=== Begin Enclosure ===

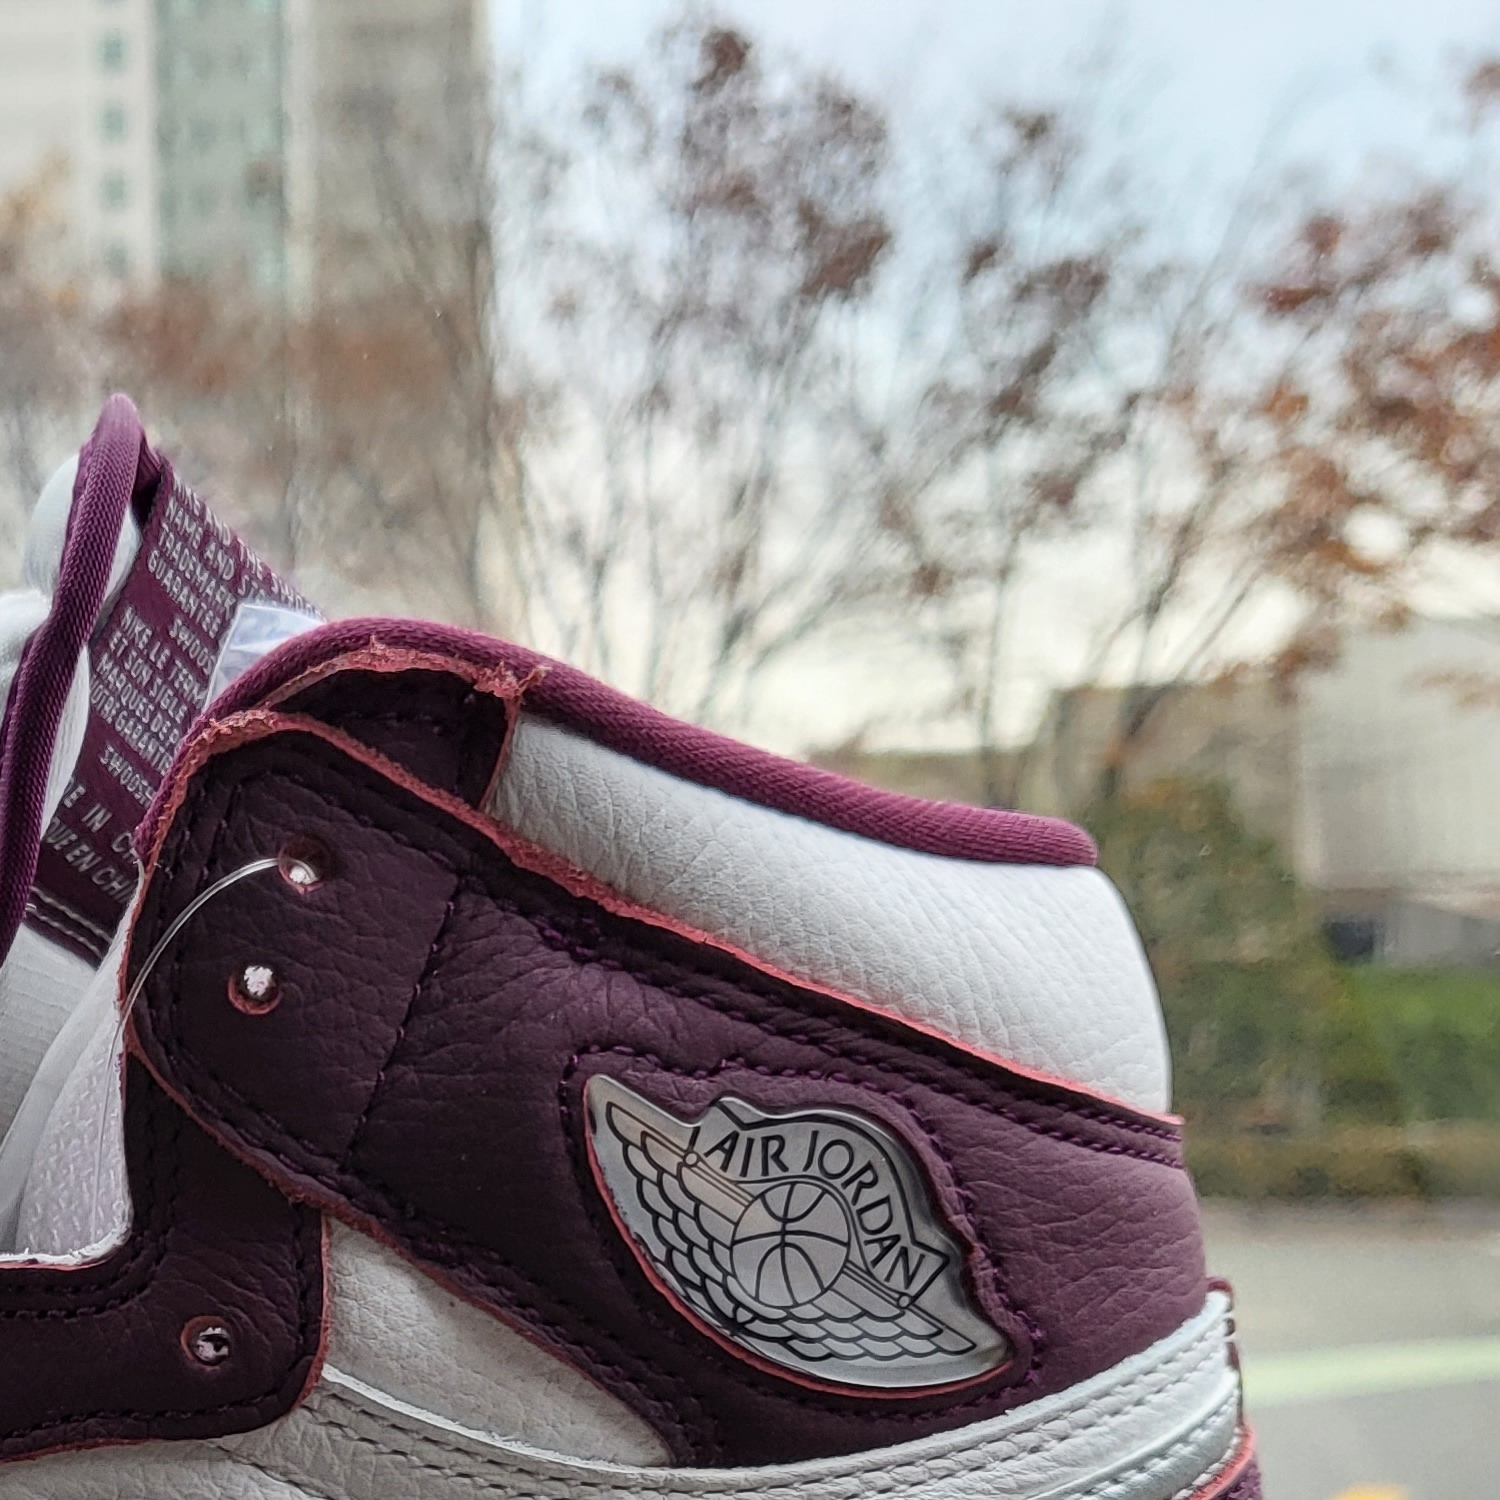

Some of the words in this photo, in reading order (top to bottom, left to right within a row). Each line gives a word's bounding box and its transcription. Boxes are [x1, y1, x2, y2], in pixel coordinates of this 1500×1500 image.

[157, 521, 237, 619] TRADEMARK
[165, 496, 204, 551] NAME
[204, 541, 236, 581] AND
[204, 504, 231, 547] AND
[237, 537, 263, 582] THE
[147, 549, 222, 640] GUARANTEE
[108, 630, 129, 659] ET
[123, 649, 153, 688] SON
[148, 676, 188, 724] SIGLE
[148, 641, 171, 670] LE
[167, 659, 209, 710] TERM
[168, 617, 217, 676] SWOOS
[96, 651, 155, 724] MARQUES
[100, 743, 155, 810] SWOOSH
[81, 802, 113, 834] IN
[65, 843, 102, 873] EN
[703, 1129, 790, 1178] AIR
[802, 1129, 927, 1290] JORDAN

=== End Enclosure ===

• Aim of the exercise:
An exact reproduction of the data is required, with pictures excluded.

• Response:
Some of the words in this photo, in reading order (top to bottom, left to right within a row). Each line gives a word's bounding box and its transcription. Boxes are [x1, y1, x2, y2], in pixel coordinates of this 1500×1500 image.

[157, 521, 237, 619] TRADEMARK
[165, 496, 204, 551] NAME
[204, 541, 236, 581] AND
[204, 504, 231, 547] AND
[237, 537, 263, 582] THE
[147, 549, 222, 640] GUARANTEE
[108, 630, 129, 659] ET
[123, 649, 153, 688] SON
[148, 676, 188, 724] SIGLE
[148, 641, 171, 670] LE
[167, 659, 209, 710] TERM
[168, 617, 217, 676] SWOOS
[96, 651, 155, 724] MARQUES
[100, 743, 155, 810] SWOOSH
[81, 802, 113, 834] IN
[65, 843, 102, 873] EN
[703, 1129, 790, 1178] AIR
[802, 1129, 927, 1290] JORDAN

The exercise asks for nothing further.